Exceptional content requires long-term thinking

To be effective, your content must tick all the boxes: quality, fits your brand identity, connects to the interests and needs of your target group, supports your marketing objectives and is delivered in the right form and through the right channel. This not only requires a thorough content marketing strategy, but also continuous measurement of the effects and adjustment accordingly. For most companies, this is where the biggest turning point lies: content marketing is therefore shifting from short-term to long-term.

Because not every marketing team thinks about filling the marketing funnel with thought leadership articles and inspiration blogs. With lower advertising budgets, there can be a strong tendency to choose performance marketing over brand awareness. Crisis forces short-term thinking. By focusing on the last contact before the purchase, you should be able to expect more ROI from your advertising budget. However, most markets see lower consumer spending, which means that there is simply less turnover to be achieved. The ROI is directly linked to brand awareness and brand preference: by cutting back on this, you can reduce your marketing funnel and replace your branding with competition on price. And if you cut your advertising budget completely, you will remove all clout in your market. In this way you become the plaything of a shrinking market.

Although media consumption has increased (B2C is still 30% higher in July, according to Comscore and B2B content consumption also remains high), that does not immediately mean that your blogs are read more by your target group. You compete online with Louis (The New Grumpy Cat) and 2020 memes for attention for your brand. Only by continuously measuring and improving your efforts can you work on optimal content that delivers better results.

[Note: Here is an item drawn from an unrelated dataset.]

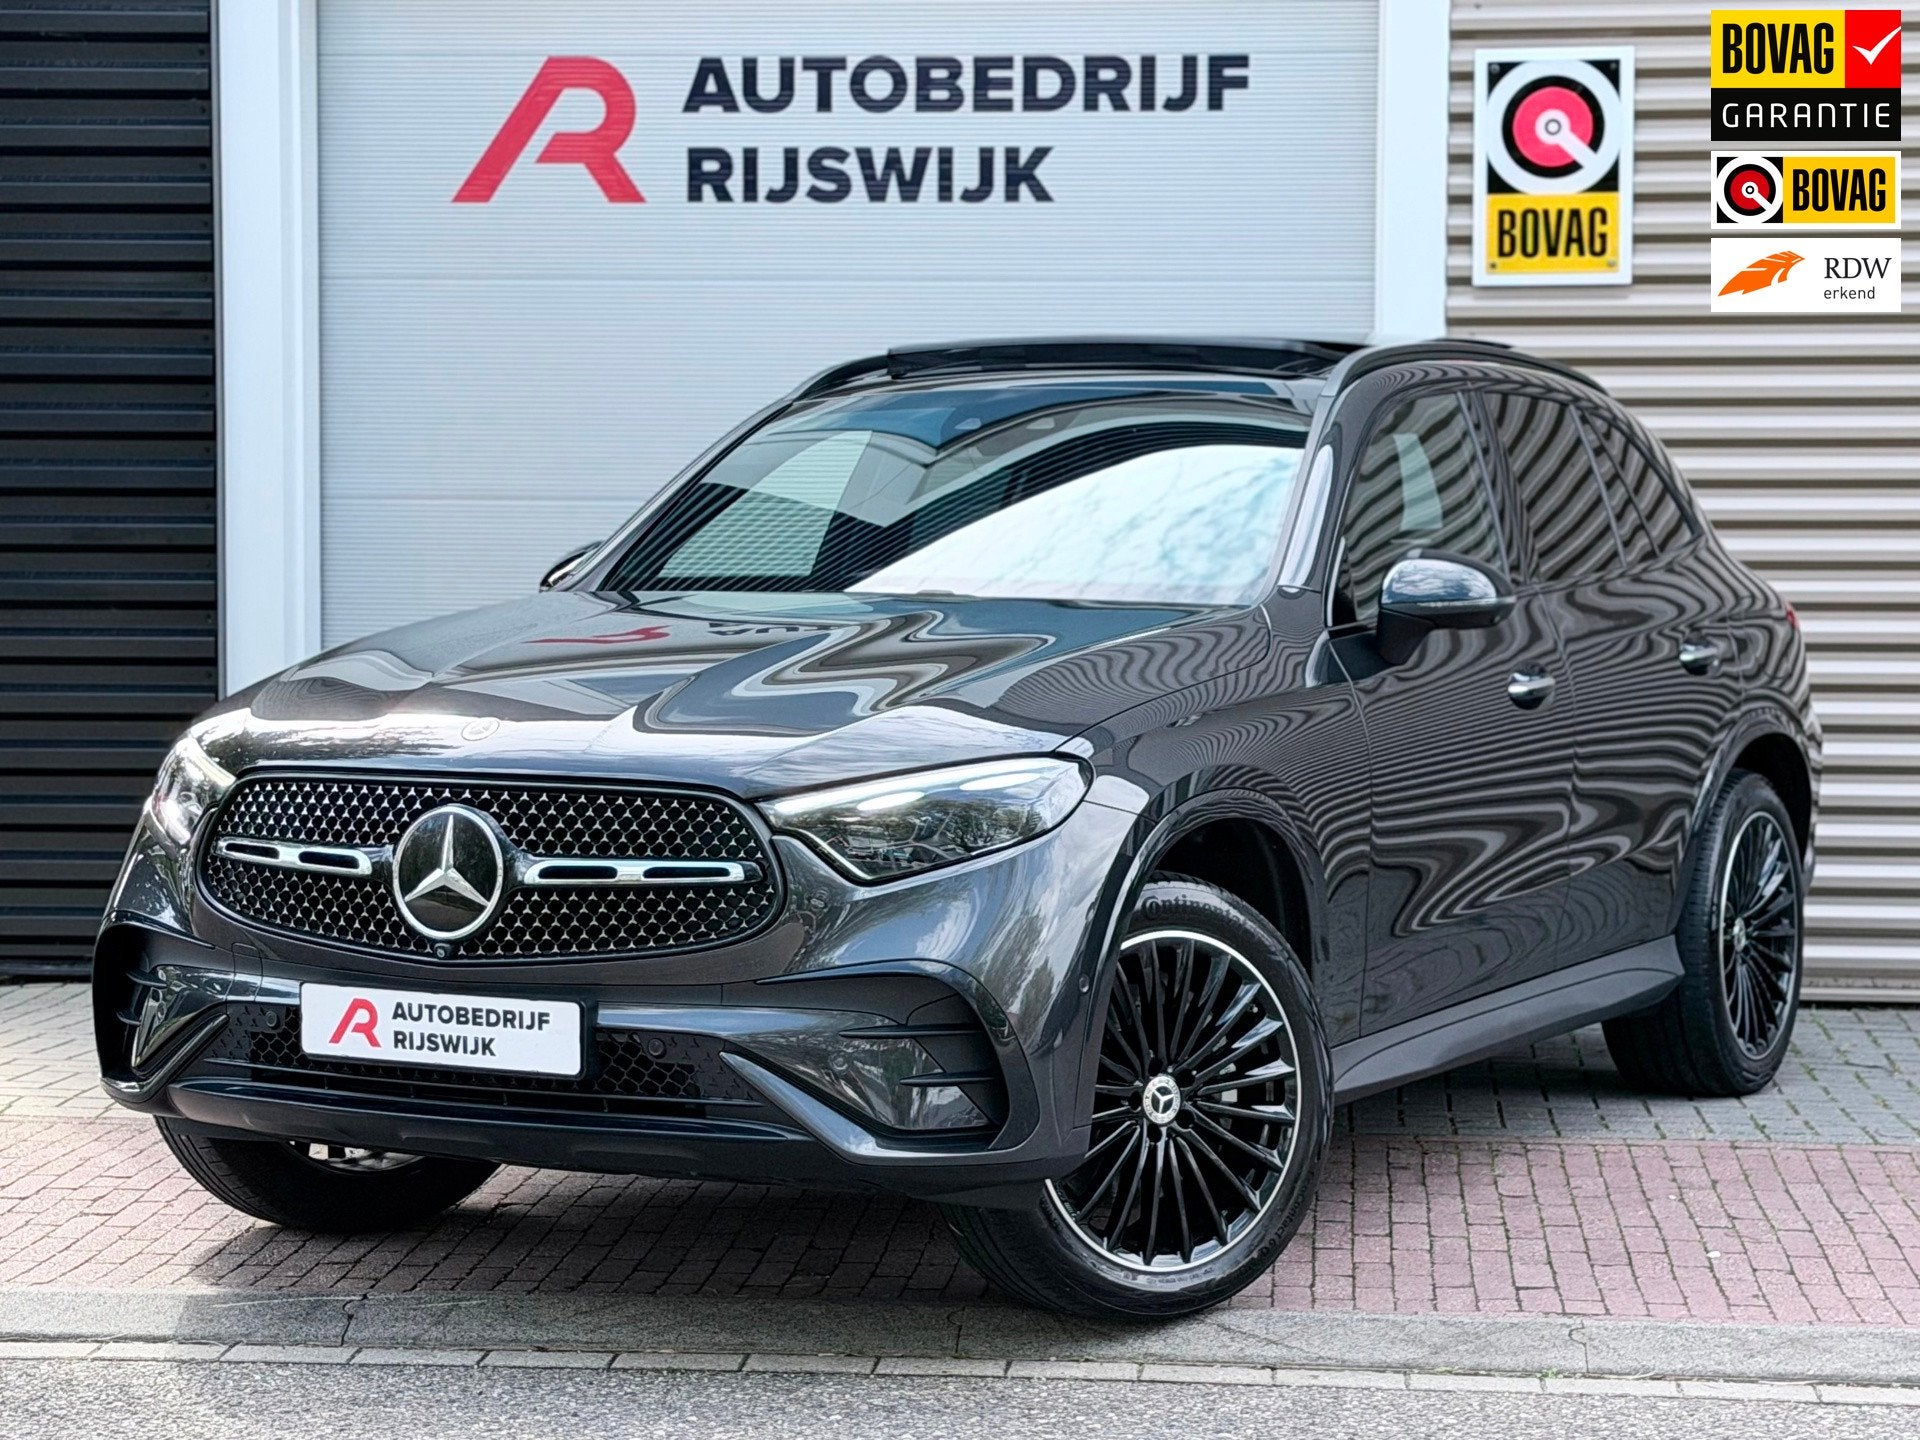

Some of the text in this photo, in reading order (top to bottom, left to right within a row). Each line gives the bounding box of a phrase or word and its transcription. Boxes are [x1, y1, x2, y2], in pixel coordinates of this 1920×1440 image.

So what is the best strategy?

The corona crisis is not over yet, and the dark clouds of an economic crisis are everywhere. You would almost forget that there is also a climate crisis going on. Marketing with countercyclical budgeting is the best strategy, but it just isn’t possible for every company. Even if it is a crisis, do not forget the long term. Make sure everyone still knows your brand when they can spend money again. Branding with content marketing in your own channels is the appropriate strategy for this.